Problem requirements: Copy the records below exactly, omitting any pictures they contain.

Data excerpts
⟨
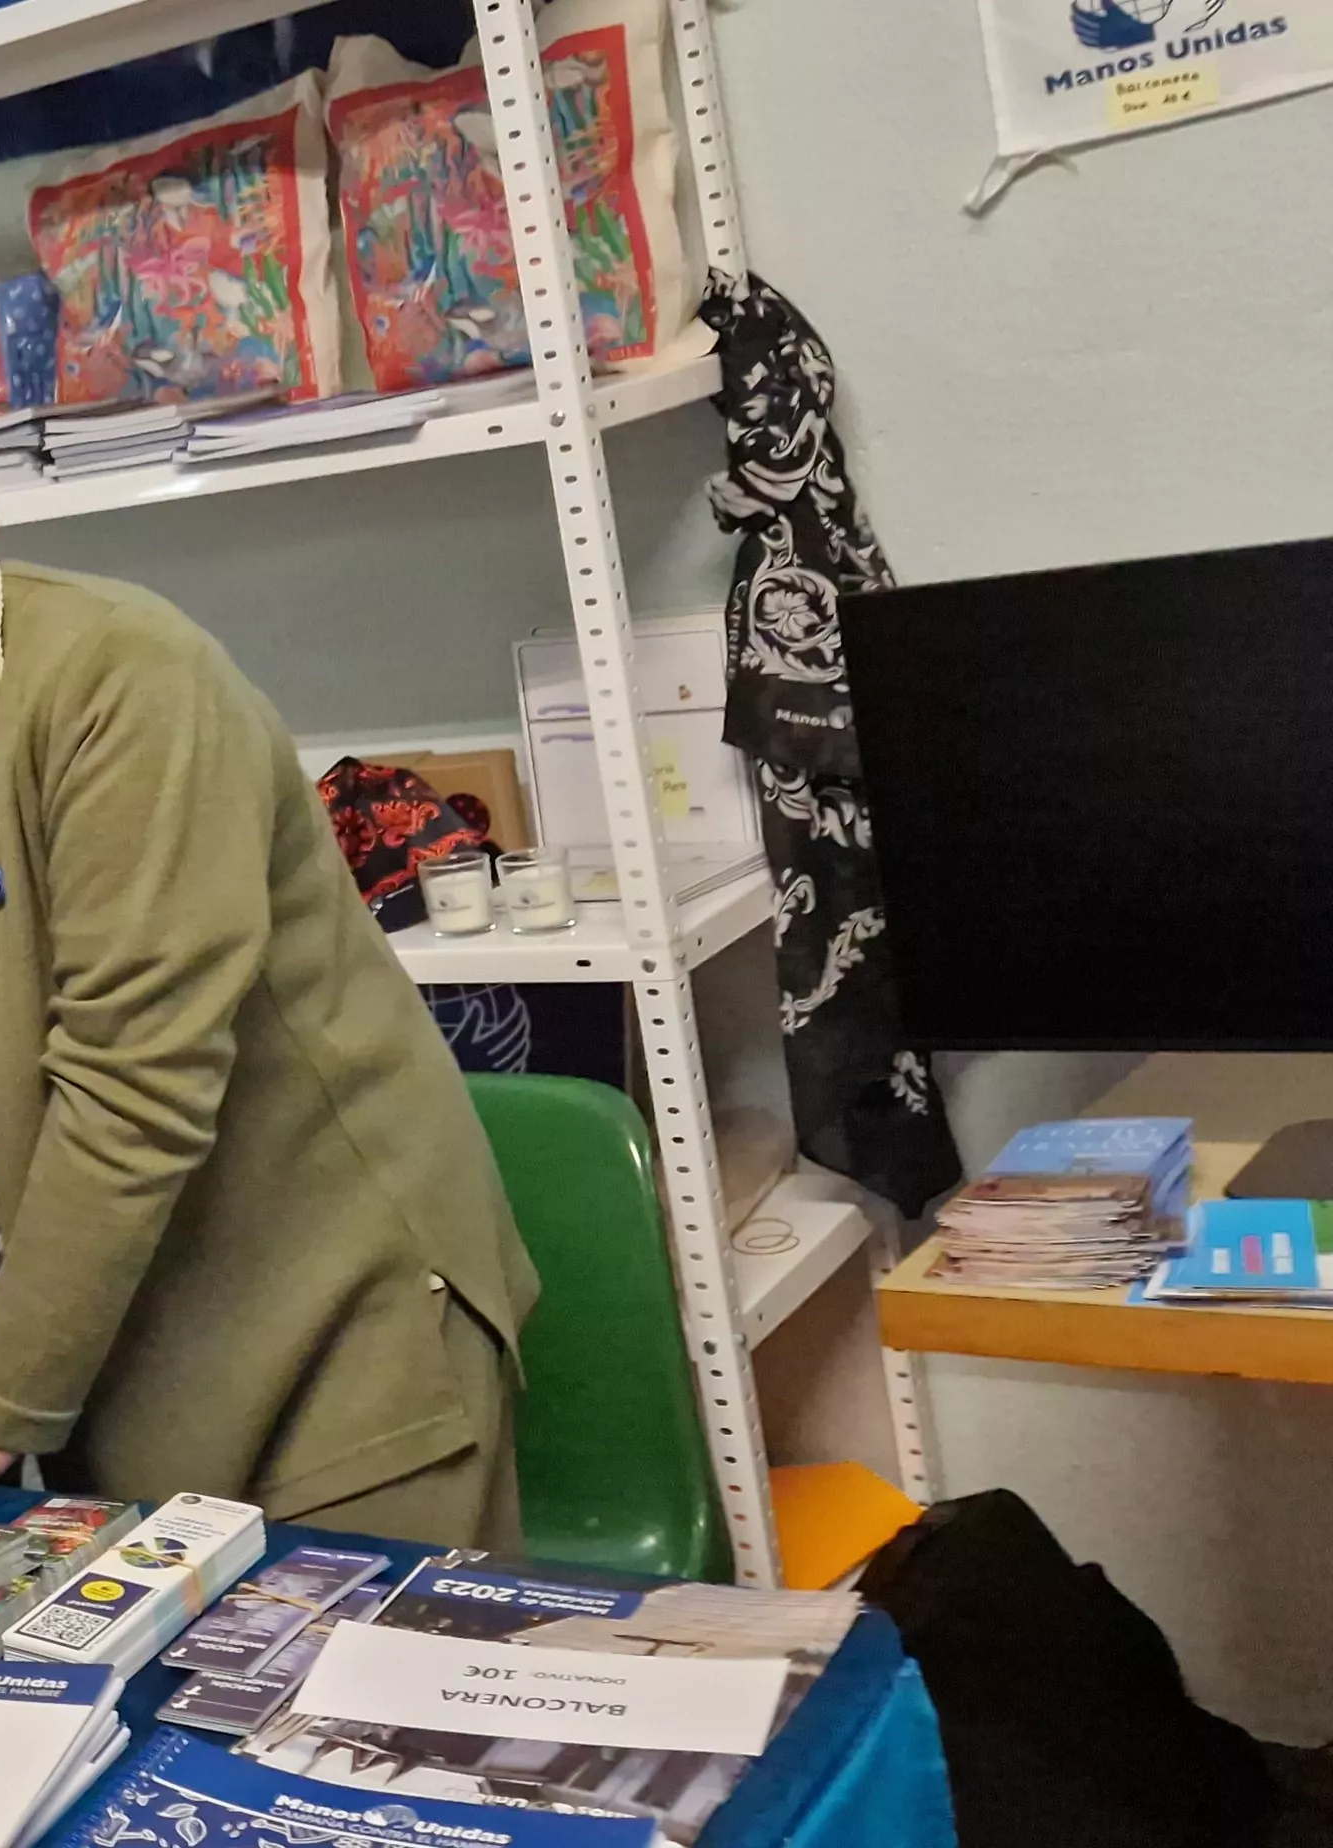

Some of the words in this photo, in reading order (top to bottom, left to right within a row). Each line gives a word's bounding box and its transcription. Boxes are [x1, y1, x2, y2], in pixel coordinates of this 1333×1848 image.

[1045, 50, 1154, 94] Manos
[1165, 16, 1288, 60] Unidas
[776, 708, 828, 728] Manos
[432, 1578, 518, 1602] 2023
[541, 1598, 611, 1615] Memoria
[463, 1665, 519, 1681] 10€
[9, 1686, 63, 1698] HAMBRE
[441, 1689, 629, 1717] BALCONERA
[269, 1807, 345, 1830] CAMPAÑA
[347, 1823, 413, 1843] CONTRA
[275, 1794, 363, 1822] Manos
[414, 1820, 513, 1845] Unidas
⟩
Answer:
Some of the words in this photo, in reading order (top to bottom, left to right within a row). Each line gives a word's bounding box and its transcription. Boxes are [x1, y1, x2, y2], in pixel coordinates of this 1333×1848 image.

[1045, 50, 1154, 94] Manos
[1165, 16, 1288, 60] Unidas
[776, 708, 828, 728] Manos
[432, 1578, 518, 1602] 2023
[541, 1598, 611, 1615] Memoria
[463, 1665, 519, 1681] 10€
[9, 1686, 63, 1698] HAMBRE
[441, 1689, 629, 1717] BALCONERA
[269, 1807, 345, 1830] CAMPAÑA
[347, 1823, 413, 1843] CONTRA
[275, 1794, 363, 1822] Manos
[414, 1820, 513, 1845] Unidas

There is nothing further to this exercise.